The PRI's remarkable reign, winning successive elections over seven
decades, was built on a combination of progressive reforms, corruption
and clientelism, and a certain dose of repression. Its most progressive
phase was during the government of Lazaro Cardenas during the '30s when
significant land reforms were carried out and foreign oil companies nationalised
The PRI has commanded a certain degree of residual loyalty among peasants
and workers from its more progressive days.
But, through its control over the state and state resources, the PRI
also created a huge network of clientelism and corruption to maintain its
popular support and isolate any opposition. At the base level, local party
leaders would give out food, clothing or money in exchange for votes and
allocate state resources to local projects where support needed to be won
or loyalty maintained. At higher levels, multi-million dollar corruption
involving politicians, the wealthy elite and the drug cartels could be
conducted with almost complete impunity, ensuring that backing the PRI
was a profitable enterprise.
An important part of the PRI's power was, and to a diminishing extent
still is, the unions. The PRI has had almost complete domination of the
union movement. Some PRI union leaders do enjoy the support of their members,
but many unions have simply been set up with little or no involvement from
their members and are given official recognition, though their activity
often consists simply of union leaders selling protection contracts to
companies in exchange for keeping their members from taking any industrial
action.
Where this system was insufficient to win support, imprisonment, torture
and assassination of the PRI's opponents was allowed with impunity and
electoral fraud at all levels of government and within unions was efficiently
organised.
Challenge to the PRI
The first serious challenge to the PRI came in the 1988 elections. The
Party of the Democratic Revolution (PRD) was formed when the left of the
PRI split away, led by Cuauhtemoc Cardenas (son of former president Lazaro
Cardenas), also absorbing most of Mexico's small left-wing parties.
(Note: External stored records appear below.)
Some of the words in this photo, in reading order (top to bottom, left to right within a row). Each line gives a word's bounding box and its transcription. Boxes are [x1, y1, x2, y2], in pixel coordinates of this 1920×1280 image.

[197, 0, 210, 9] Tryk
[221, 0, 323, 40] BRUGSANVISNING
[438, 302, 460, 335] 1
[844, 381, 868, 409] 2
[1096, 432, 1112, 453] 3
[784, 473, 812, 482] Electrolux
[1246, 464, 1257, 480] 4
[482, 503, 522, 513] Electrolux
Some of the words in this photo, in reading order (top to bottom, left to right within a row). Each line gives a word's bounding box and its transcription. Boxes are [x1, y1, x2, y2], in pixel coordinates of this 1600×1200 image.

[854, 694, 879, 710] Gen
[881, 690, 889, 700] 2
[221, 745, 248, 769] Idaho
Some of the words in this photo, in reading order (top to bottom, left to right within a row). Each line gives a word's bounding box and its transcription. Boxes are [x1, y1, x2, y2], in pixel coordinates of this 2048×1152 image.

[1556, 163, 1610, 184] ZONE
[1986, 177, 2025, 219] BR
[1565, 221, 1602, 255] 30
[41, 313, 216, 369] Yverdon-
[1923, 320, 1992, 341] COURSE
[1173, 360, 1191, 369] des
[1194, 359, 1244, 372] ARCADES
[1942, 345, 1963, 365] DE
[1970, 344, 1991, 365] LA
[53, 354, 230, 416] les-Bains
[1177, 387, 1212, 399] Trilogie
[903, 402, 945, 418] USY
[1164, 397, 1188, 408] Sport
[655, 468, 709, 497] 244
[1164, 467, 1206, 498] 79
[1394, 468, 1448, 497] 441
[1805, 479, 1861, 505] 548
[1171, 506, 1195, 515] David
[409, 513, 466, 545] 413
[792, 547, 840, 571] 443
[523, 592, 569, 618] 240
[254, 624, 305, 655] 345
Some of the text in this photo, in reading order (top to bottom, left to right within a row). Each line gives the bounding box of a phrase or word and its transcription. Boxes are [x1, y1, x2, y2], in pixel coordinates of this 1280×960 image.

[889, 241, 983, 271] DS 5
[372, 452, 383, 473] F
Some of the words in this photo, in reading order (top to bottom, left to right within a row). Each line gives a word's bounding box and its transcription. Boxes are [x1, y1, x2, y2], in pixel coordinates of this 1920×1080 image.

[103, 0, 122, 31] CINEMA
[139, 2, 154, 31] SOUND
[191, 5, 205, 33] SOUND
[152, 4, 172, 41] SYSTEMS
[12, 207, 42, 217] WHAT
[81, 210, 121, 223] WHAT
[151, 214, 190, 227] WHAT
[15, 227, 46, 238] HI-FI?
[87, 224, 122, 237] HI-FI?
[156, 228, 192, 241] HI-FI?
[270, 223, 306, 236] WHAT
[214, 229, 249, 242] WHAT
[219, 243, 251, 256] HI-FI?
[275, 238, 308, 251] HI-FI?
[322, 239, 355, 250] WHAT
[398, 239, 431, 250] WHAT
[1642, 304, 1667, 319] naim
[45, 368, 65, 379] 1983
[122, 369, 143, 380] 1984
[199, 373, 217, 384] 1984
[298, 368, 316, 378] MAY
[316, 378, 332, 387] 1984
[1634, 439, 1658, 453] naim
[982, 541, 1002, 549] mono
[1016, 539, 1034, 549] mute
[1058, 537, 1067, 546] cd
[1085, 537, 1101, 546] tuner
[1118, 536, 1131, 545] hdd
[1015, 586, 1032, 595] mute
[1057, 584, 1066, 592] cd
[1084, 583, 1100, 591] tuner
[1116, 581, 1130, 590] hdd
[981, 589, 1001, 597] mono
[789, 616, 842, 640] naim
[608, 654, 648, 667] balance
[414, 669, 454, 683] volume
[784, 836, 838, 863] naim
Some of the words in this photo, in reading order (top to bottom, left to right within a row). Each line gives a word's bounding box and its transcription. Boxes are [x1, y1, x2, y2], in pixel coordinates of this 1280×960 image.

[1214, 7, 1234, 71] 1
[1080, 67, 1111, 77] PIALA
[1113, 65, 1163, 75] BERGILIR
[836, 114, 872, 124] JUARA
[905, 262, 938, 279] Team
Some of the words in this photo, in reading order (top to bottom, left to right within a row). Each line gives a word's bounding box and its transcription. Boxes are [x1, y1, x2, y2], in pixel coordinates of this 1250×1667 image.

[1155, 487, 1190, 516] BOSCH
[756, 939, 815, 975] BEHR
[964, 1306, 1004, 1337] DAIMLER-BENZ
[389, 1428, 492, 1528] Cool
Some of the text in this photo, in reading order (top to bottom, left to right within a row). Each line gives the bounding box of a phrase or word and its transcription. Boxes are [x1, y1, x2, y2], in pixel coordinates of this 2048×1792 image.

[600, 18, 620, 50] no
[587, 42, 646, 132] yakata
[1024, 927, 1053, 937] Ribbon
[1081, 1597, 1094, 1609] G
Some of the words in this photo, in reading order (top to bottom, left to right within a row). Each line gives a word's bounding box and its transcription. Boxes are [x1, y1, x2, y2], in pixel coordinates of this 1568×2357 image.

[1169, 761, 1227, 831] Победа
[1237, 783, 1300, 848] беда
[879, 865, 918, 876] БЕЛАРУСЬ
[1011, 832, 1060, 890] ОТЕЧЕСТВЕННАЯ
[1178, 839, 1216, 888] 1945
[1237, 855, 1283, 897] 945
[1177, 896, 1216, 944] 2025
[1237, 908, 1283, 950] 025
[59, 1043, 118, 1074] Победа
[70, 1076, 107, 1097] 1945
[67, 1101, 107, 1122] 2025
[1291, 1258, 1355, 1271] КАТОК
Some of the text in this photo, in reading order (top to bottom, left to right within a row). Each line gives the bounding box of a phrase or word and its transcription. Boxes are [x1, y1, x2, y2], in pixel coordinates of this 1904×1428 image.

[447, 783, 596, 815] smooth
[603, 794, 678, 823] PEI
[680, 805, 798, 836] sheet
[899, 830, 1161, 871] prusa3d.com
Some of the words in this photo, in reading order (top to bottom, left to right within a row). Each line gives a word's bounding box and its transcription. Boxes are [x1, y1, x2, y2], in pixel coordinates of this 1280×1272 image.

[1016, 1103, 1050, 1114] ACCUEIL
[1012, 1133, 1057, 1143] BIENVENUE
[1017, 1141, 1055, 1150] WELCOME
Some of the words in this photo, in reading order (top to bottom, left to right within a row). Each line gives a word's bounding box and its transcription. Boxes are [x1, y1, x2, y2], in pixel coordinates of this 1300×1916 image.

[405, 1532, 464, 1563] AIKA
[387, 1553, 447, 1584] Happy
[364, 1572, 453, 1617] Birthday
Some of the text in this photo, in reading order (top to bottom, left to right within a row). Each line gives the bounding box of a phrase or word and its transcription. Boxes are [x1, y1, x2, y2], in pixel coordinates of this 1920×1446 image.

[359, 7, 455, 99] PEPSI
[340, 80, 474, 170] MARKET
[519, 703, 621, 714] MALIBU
The
PRD was probably the victor in the 1988 presidential elections but fraud
kept the PRI in power.
Until the period in the lead up to last year's election, the PRD was
the main opposition party in spite of not quite maintaining the level of
support it had in 1988. But polls in the election period increasingly put
Fox of the PAN ahead of the PRD and even showed he had a decent chance
of defeating the PRI.
Since the PRI had been in power as long as most Mexicans could even
remember, and that it represented such a seemingly immovable obstacle to
democracy or progressive change, there was a certain constituency created
who, even though they might be more sympathetic to the PRD, would be glad
to get rid of the PRI even by voting for the right.
There is certainly merit to the idea that almost any way of separating
the PRI from its control over state resources will make it more difficult
for it to perpetuate itself through corruption and clientelism and throw
open Mexico's political system at least a little.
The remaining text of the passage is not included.